The growth spurt came from annexation, Hiott said before the meeting.
“We annexed out that way,” Hiott said. “That was our growth area.”
The city’s total population changed from 41,894 to 51,602.
“Smyrna grew 25 percent from 2000 to 2010,” City Administrator Eric Taylor said during the regular meeting.
City Attorney Scott Cochran said at the pre-agenda meeting if there are changes based on public comment, the City Council can hold more than two hearings.
There were no speakers at the regular meeting either for or against the redistricting plan.
The next hearing and vote will be Dec. 17.
Also on Dec. 17 may be a pet grooming, boarding and breeding zoning ordinance for Light Industrial designated areas, which may be just for grooming when all is said and done.
Councilman Wade Lnenicka said he objected to the other activities because of the potential noise problems.
A noise ordinance amendment was put on hold until the Dec. 17 meeting.
It will create a mixed-use category to augment the current law’s residential, commercial and industrial zones and use a sliding scale of locations and times to regulate decibel level.
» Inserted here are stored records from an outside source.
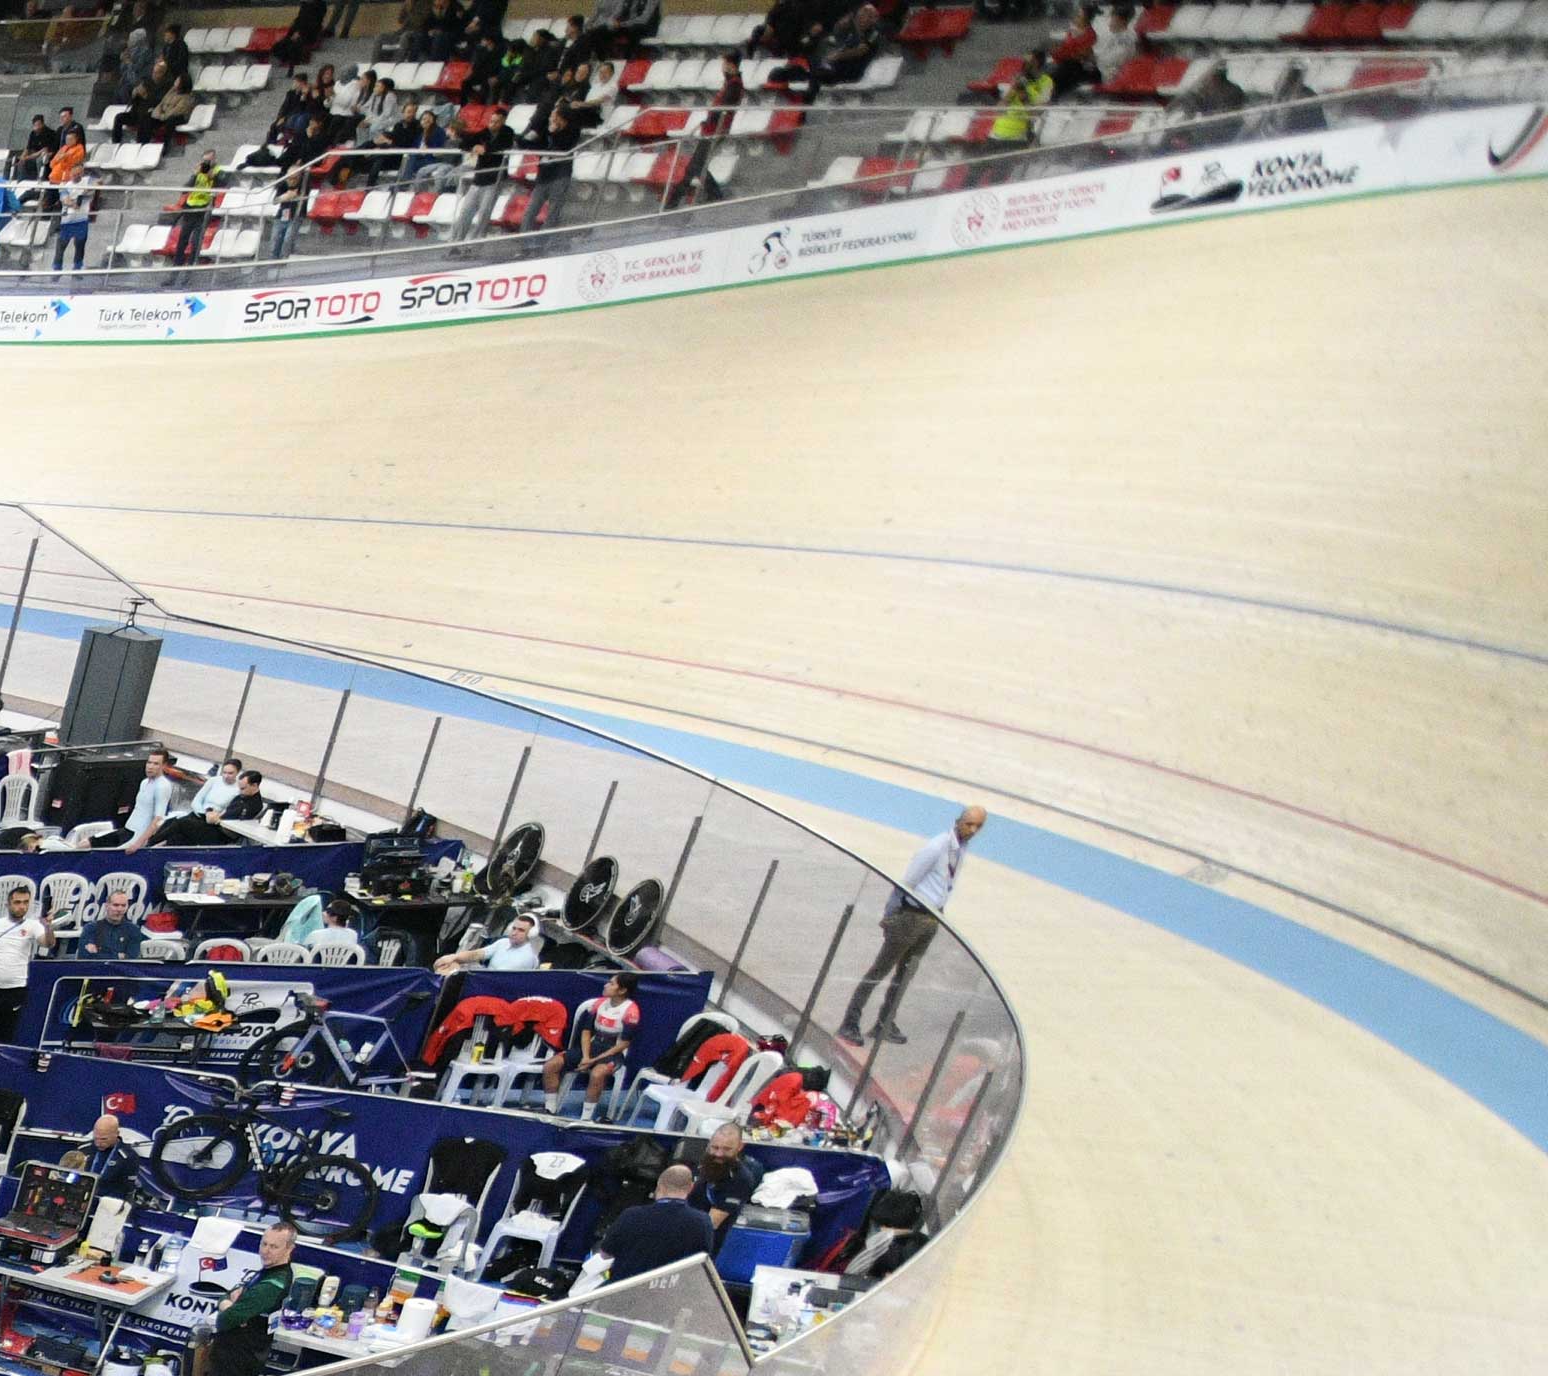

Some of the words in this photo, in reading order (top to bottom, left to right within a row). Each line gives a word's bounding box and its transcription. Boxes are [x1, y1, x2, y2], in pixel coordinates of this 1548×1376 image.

[1251, 149, 1323, 177] KONYA
[1247, 165, 1359, 197] VELODROME
[1004, 204, 1046, 218] MINISTRY
[1049, 202, 1062, 212] OF
[1064, 197, 1097, 211] YOUTH
[1007, 191, 1048, 207] REPUBLIC
[842, 231, 918, 251] FEDERASYONU
[689, 249, 705, 261] VE
[0, 310, 49, 324] Telekom
[98, 308, 124, 322] Türk
[128, 307, 182, 321] Telekom
[164, 1292, 219, 1316] KONY
[134, 1317, 188, 1338] EUROPEAN
The mixed-use zone includes Village Green, which contains late-night eating and drinking establishments.
Lnenicka suggested the zone be further divided into a category regulating the noise level between 4 a.m. closing times and 7 a.m.
However, City Attorney Scott Cochran said it will be better to postpone action on the amendment rather than try to retool the language.
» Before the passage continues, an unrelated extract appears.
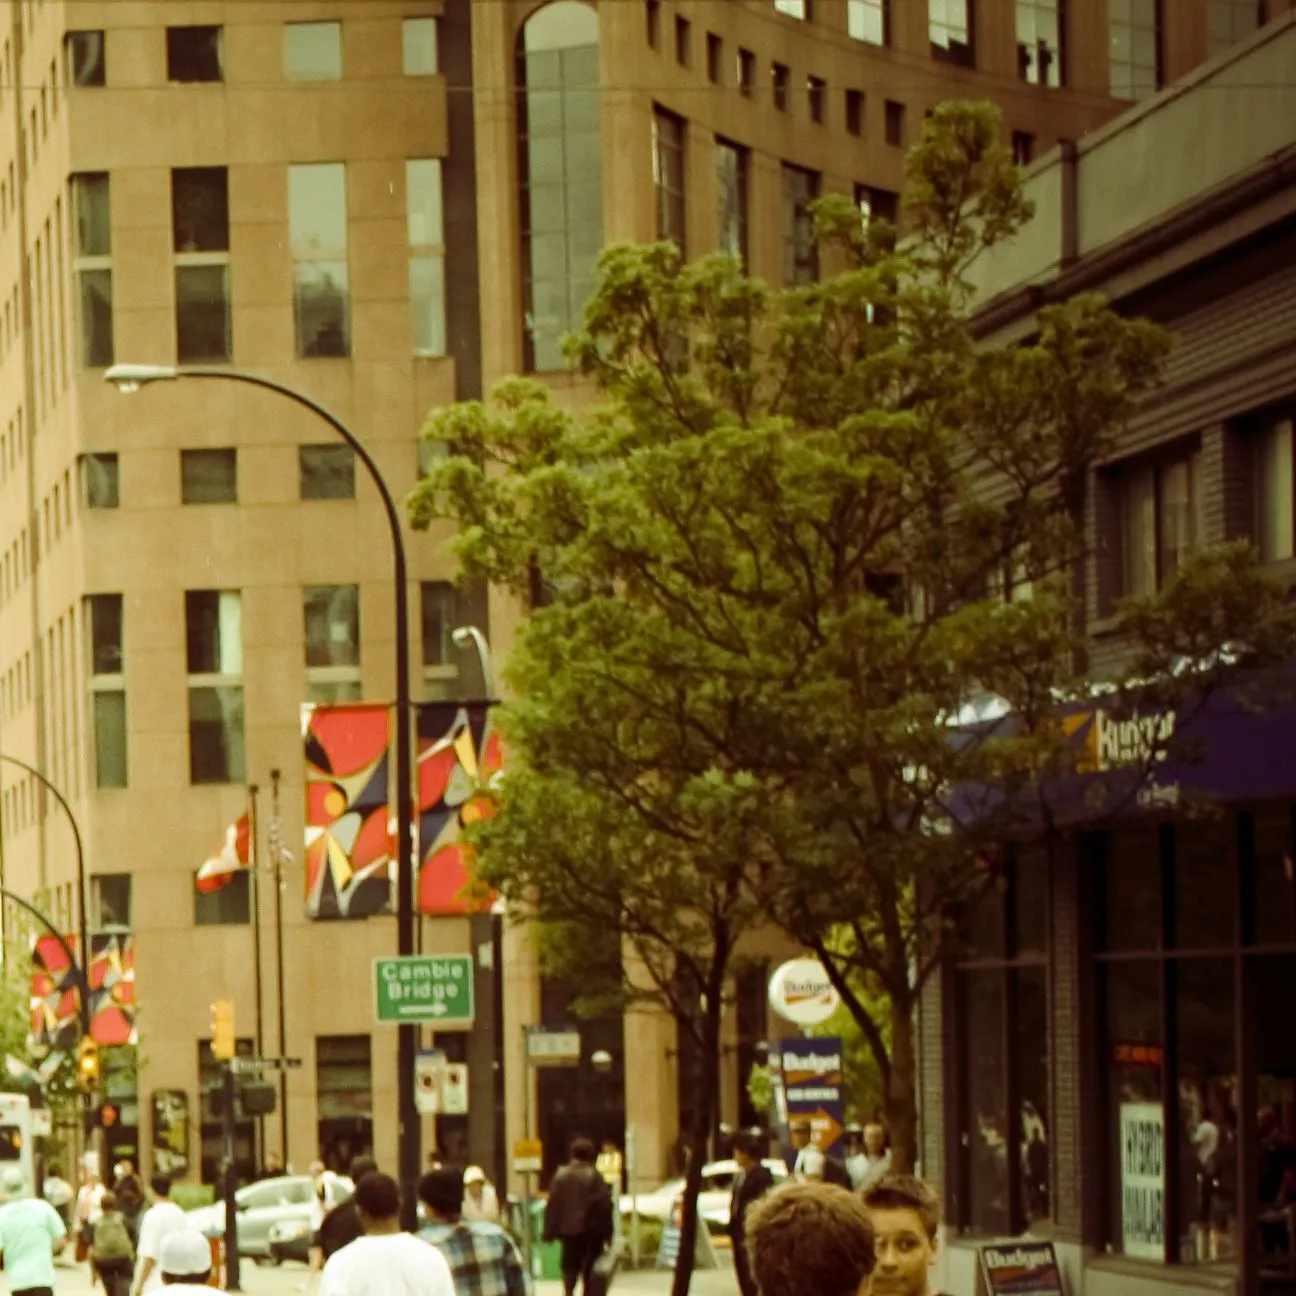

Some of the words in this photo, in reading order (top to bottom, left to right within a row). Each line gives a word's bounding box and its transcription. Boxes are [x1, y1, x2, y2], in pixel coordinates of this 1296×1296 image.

[382, 962, 463, 981] Cambie
[389, 982, 459, 1000] Bridge
[783, 1052, 841, 1076] Budget
[986, 1248, 1054, 1271] Budget
Councilman Charles Welch said any further adjustments can be made after the basic amendment is enacted, with which Cochran and Councilwoman Teri Anulewicz agreed.
“Let’s not let ‘perfect’ get in the way of ‘good,’” she said.
Mayor Max Bacon said the first line of defense for noise complaints will be the police department, plus some common sense on the part of residents moving into the award-winning downtown area.
“If someone buys residential property in the eye of a hurricane, if the wind starts blowing, don’t be surprised,” he said.
Fennel, who brought the measure forward, said his intent is to have a “defensible” ordinance for when noise complaints wind up in court.
In the meeting, the City Council voted 6-0 to table the amendment to Dec. 17.
Councilwoman Melleny Pritchett was out sick.